Supramolecular Entanglement in a Hydrogen‐Bonded Organic Framework Enables Flexible‐Robust Porosity for Highly Efficient Purification of Natural Gas

Abstract The development of porous materials with flexible‐robust characteristics shows some unique advantages to target high performance for gas separation, but remains a daunting challenge to achieve so far. Herein, we report a carboxyl‐based hydrogen‐bonded organic framework (ZJU‐HOF‐8a) with flexible‐robust porosity for efficient purification of natural gas. ZJU‐HOF‐8a features a four‐fold interpenetrated structure with dia topology, wherein abundant supramolecular entanglements are formed between the adjacent subnetworks through weak intermolecular hydrogen bonds.

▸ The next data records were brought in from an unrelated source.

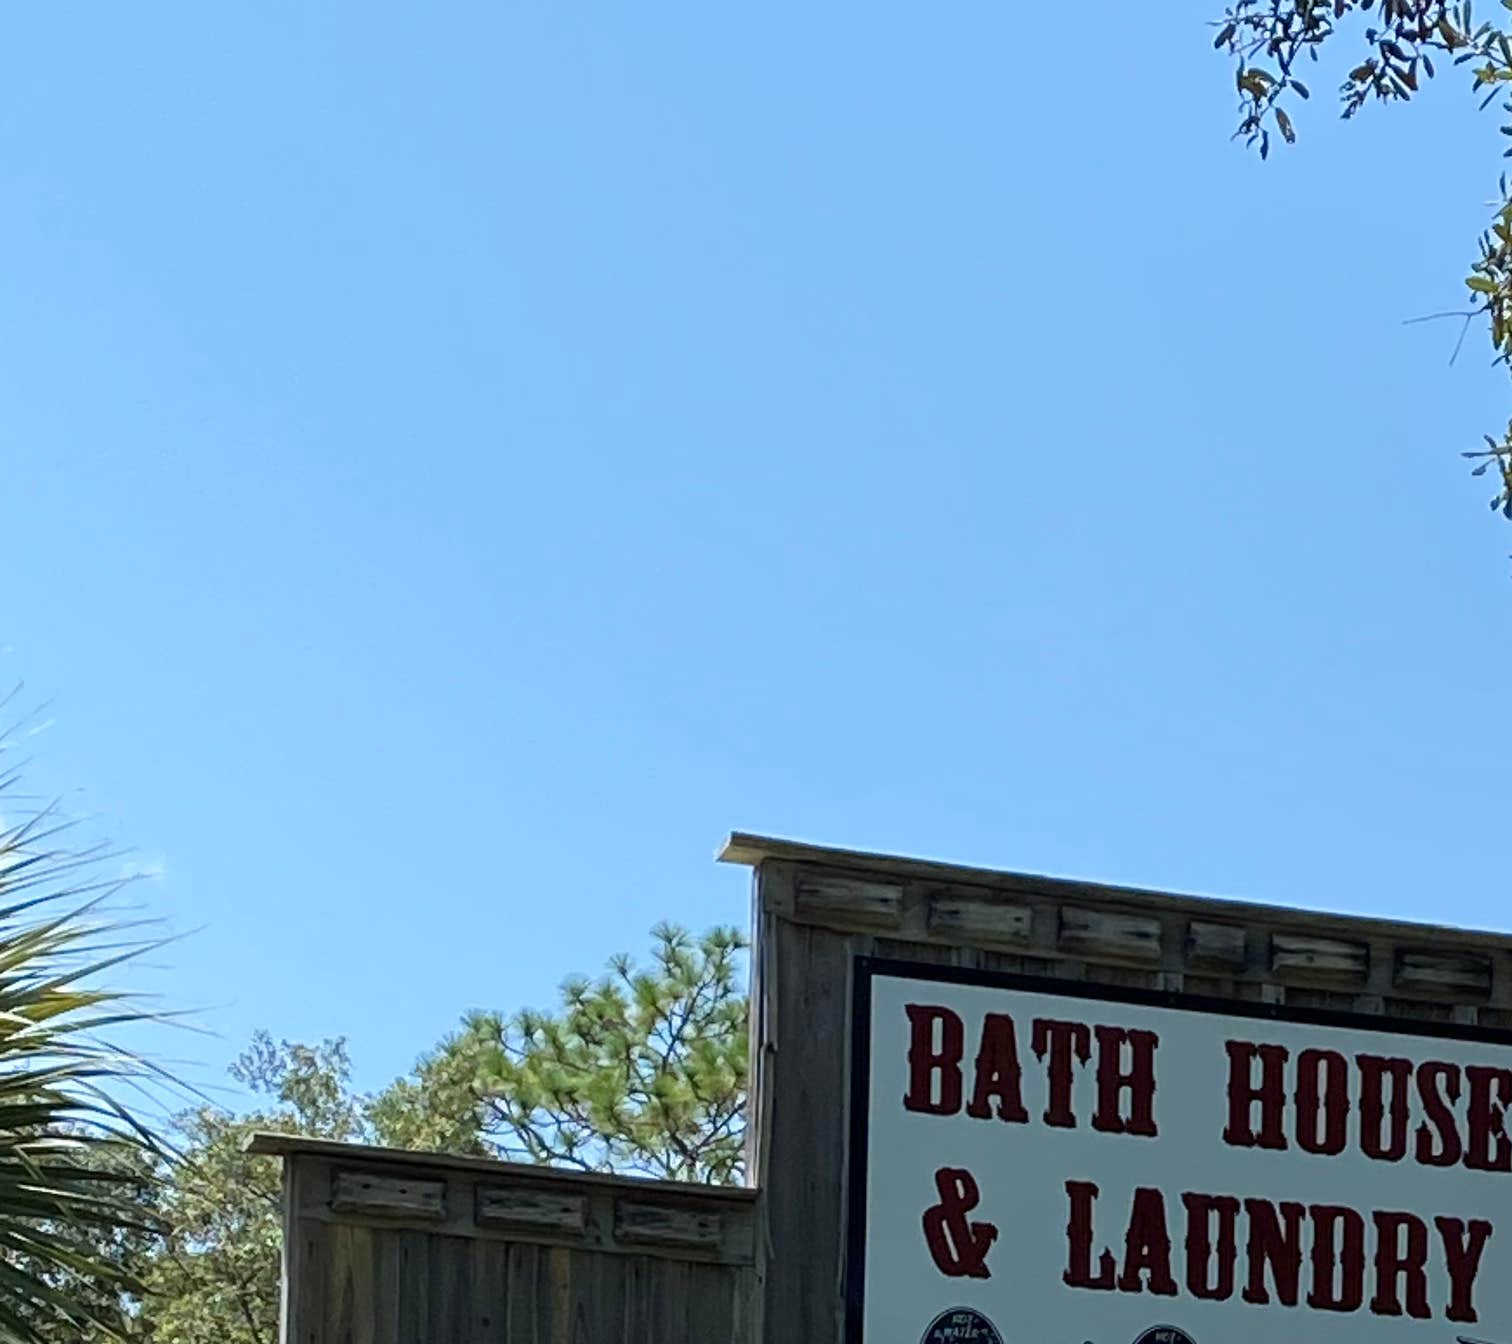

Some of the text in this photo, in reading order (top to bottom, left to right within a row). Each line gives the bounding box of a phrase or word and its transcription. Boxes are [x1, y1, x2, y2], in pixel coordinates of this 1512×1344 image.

[903, 1003, 1160, 1138] BATH
[921, 1166, 1494, 1324] & LAUNDRY
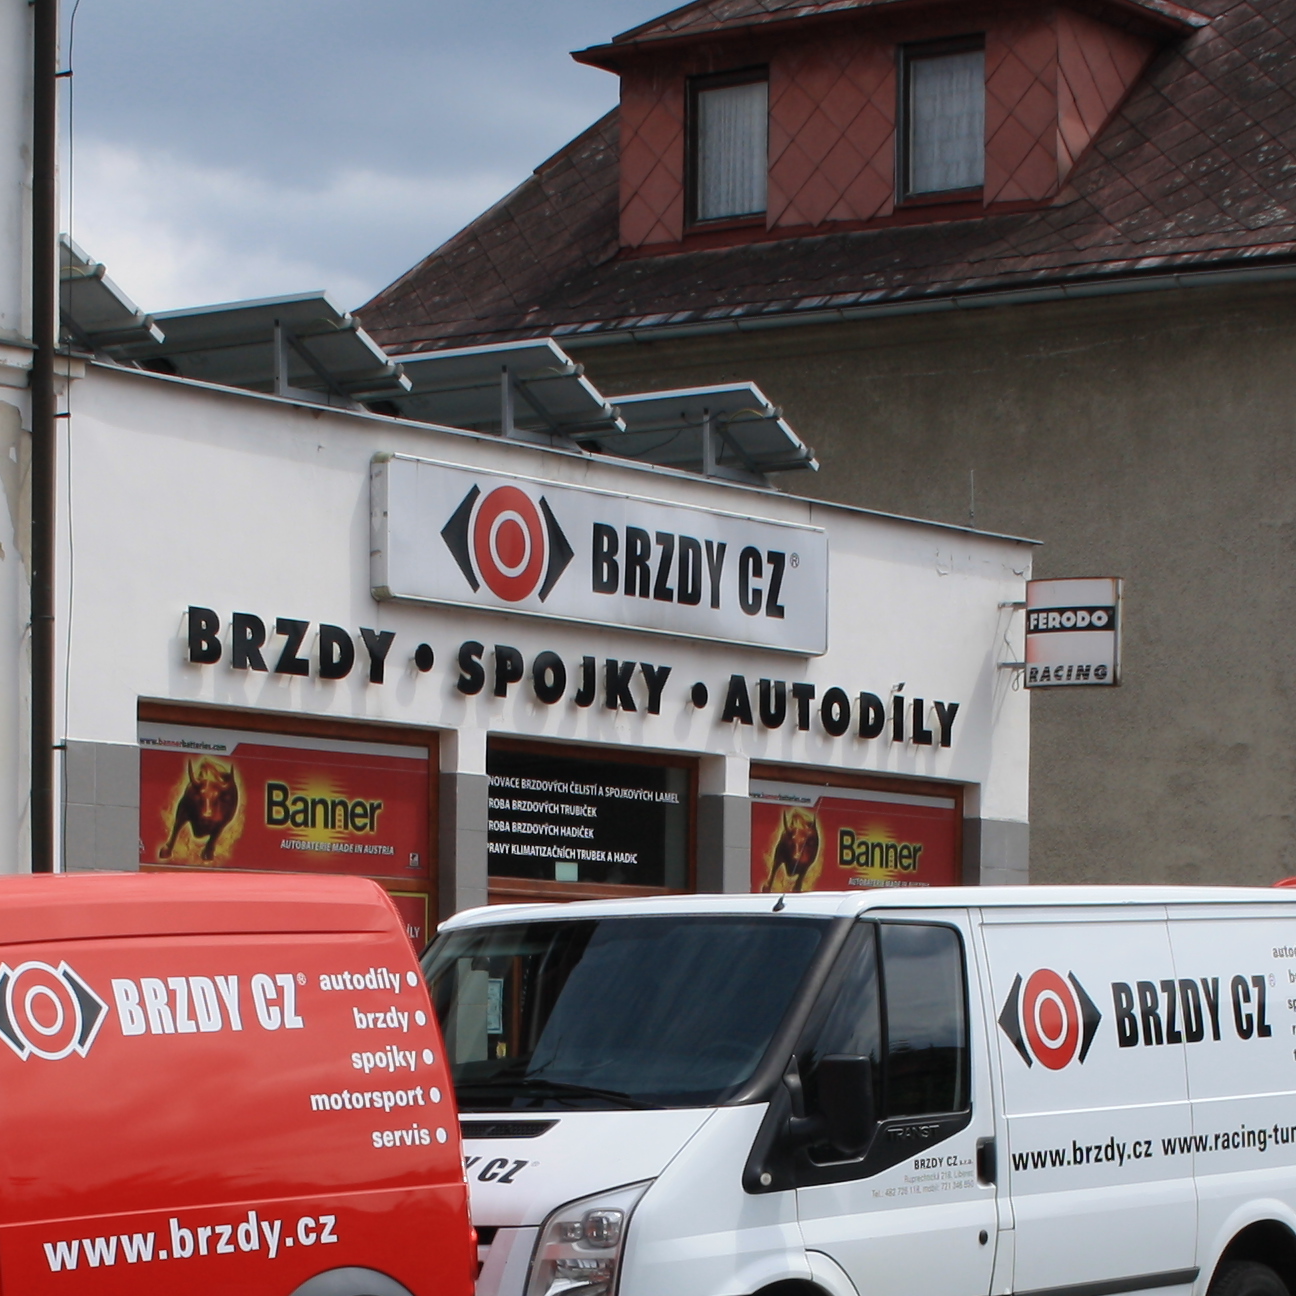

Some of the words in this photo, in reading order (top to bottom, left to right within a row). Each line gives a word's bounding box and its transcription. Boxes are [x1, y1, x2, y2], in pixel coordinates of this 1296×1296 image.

[592, 522, 727, 609] BRZDY
[738, 545, 786, 619] CZ
[1029, 610, 1109, 630] FERODO
[187, 605, 396, 685] BRZDY
[456, 640, 672, 716] SPOJKY
[721, 673, 960, 748] AUTODÍLY
[1028, 664, 1108, 683] RACING
[521, 779, 568, 793] BRZDOVÝCH
[598, 786, 604, 796] A
[605, 787, 653, 802] SPOJKOVÝCH
[655, 791, 680, 804] LAMEL
[265, 781, 383, 834] Banner
[512, 799, 559, 814] BRZDOVÝCH
[560, 804, 597, 817] TRUBIČEK
[512, 821, 559, 836] BRZDOVÝCH
[560, 826, 594, 839] HADIČEK
[280, 840, 331, 852] AUTOBATERIE
[332, 843, 353, 853] MADE
[354, 845, 363, 853] IN
[363, 845, 394, 855] AUSTRIA
[511, 844, 575, 859] KLIMATIZAČNÍCH
[577, 851, 606, 862] TRUBEK
[607, 853, 613, 863] A
[838, 828, 922, 872] Banner
[319, 968, 400, 993] autodíly
[111, 975, 242, 1036] BRZDY
[251, 973, 304, 1030] CZ
[1111, 977, 1221, 1048] BRZDY
[1231, 974, 1272, 1040] CZ
[353, 1006, 408, 1032] brzdy
[351, 1045, 416, 1073] spojky
[310, 1086, 425, 1112] motorsport
[372, 1123, 430, 1148] servis
[914, 1157, 944, 1170] BRZDY
[947, 1155, 958, 1167] CZ
[1012, 1136, 1152, 1171] www.brzdy.cz
[477, 1158, 529, 1184] CZ
[43, 1210, 338, 1272] www.brzdy.cz
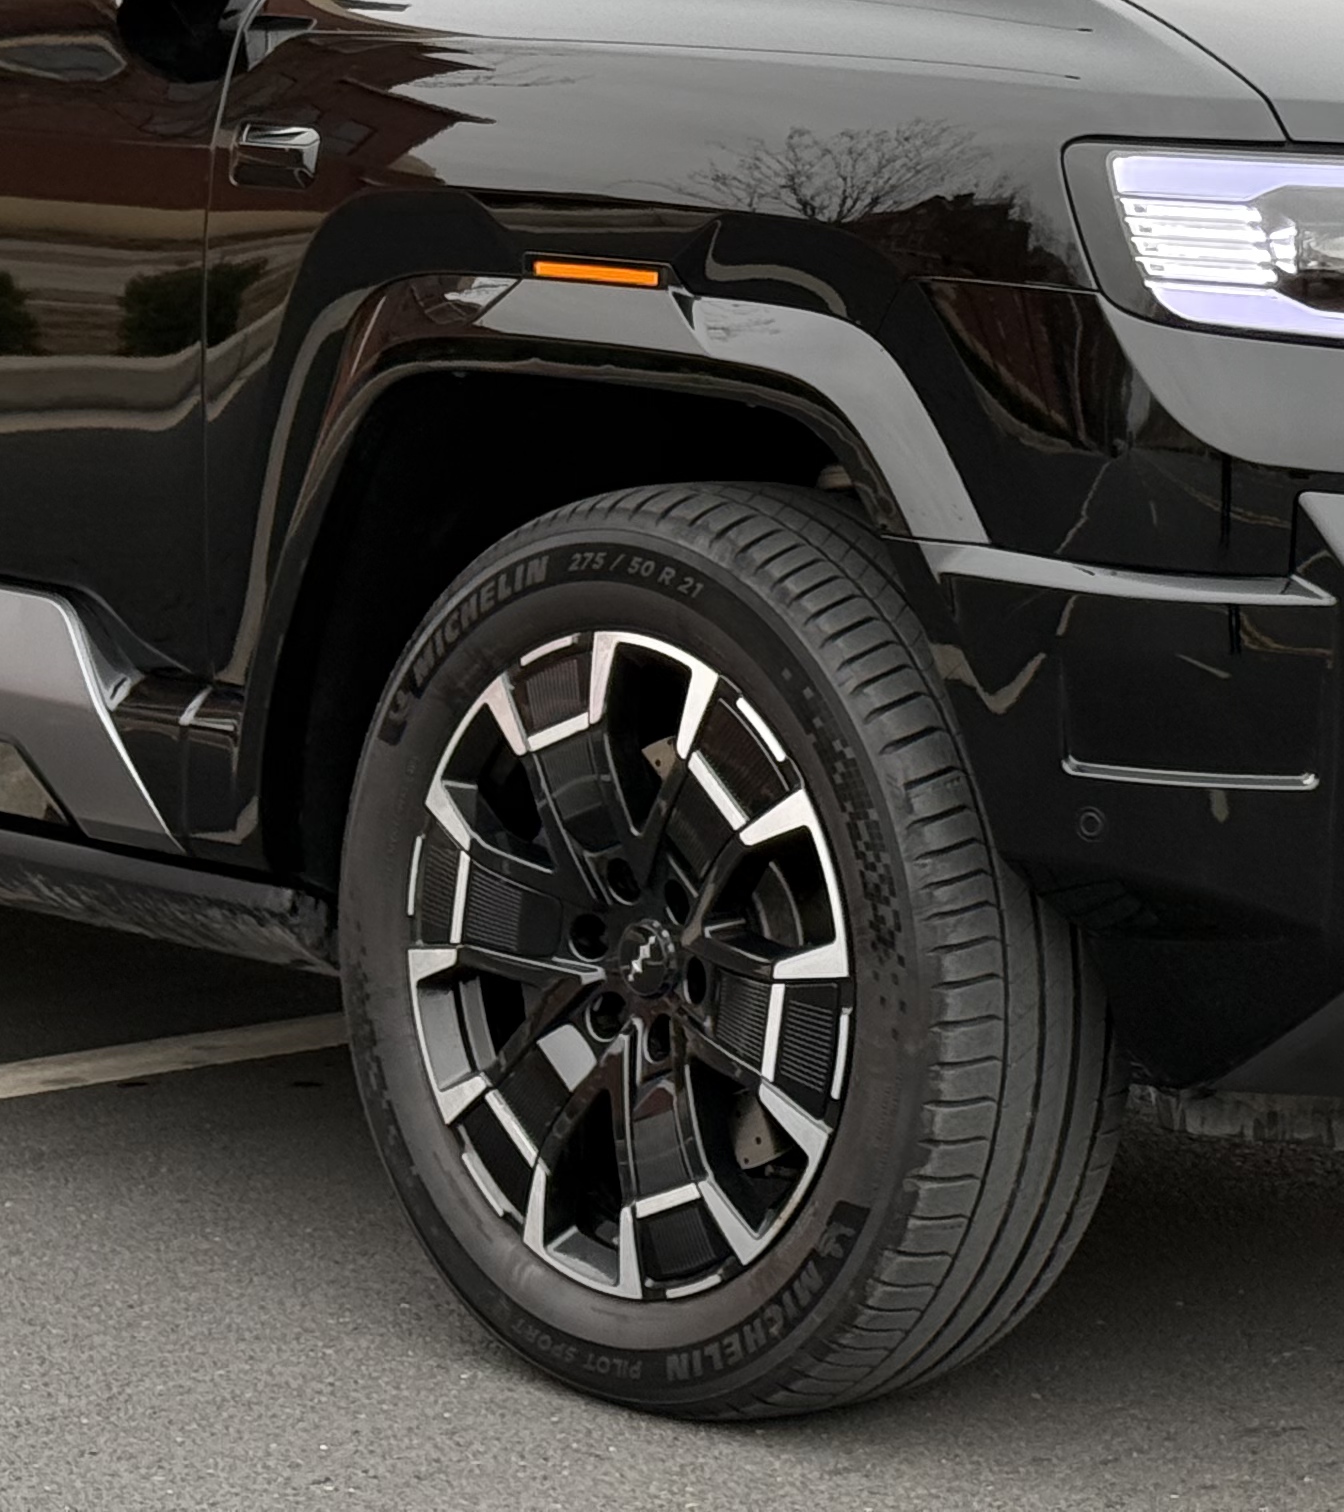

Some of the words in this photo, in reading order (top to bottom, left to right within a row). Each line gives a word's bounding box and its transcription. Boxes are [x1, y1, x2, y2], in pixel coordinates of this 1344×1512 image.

This structural configuration could not only stabilize the whole framework to establish the permanent porosity, but also enable the framework to show some flexibility due to its weak intermolecular interactions (so‐called flexible‐robust framework). The flexible‐robust porosity of ZJU‐HOF‐8a was exclusively confirmed by gas sorption isotherms and single‐crystal X‐ray diffraction studies, showing that the flexible pore pockets can be opened by C 3 H 8 and n‐C 4 H 10 molecules rather by C 2 H 6 and CH 4 . This leads to notably higher C 3 H 8 and n‐C 4 H 10 uptakes with enhanced selectivities than C 2 H 6 over CH 4 under ambient conditions, affording one of the highest n‐C 4 H 10 /CH 4 selectivities. The gas‐loaded single‐crystal structures coupled with theoretical simulations reveal that the loading of n‐C 4 H 10 can induce an obvious framework expansion along with pore pocket opening to improve n‐C 4 H 10 uptake and selectivity, while not for C 2 H 6 adsorption. This work suggests an effective strategy of designing flexible‐robust HOFs for improving gas separation properties.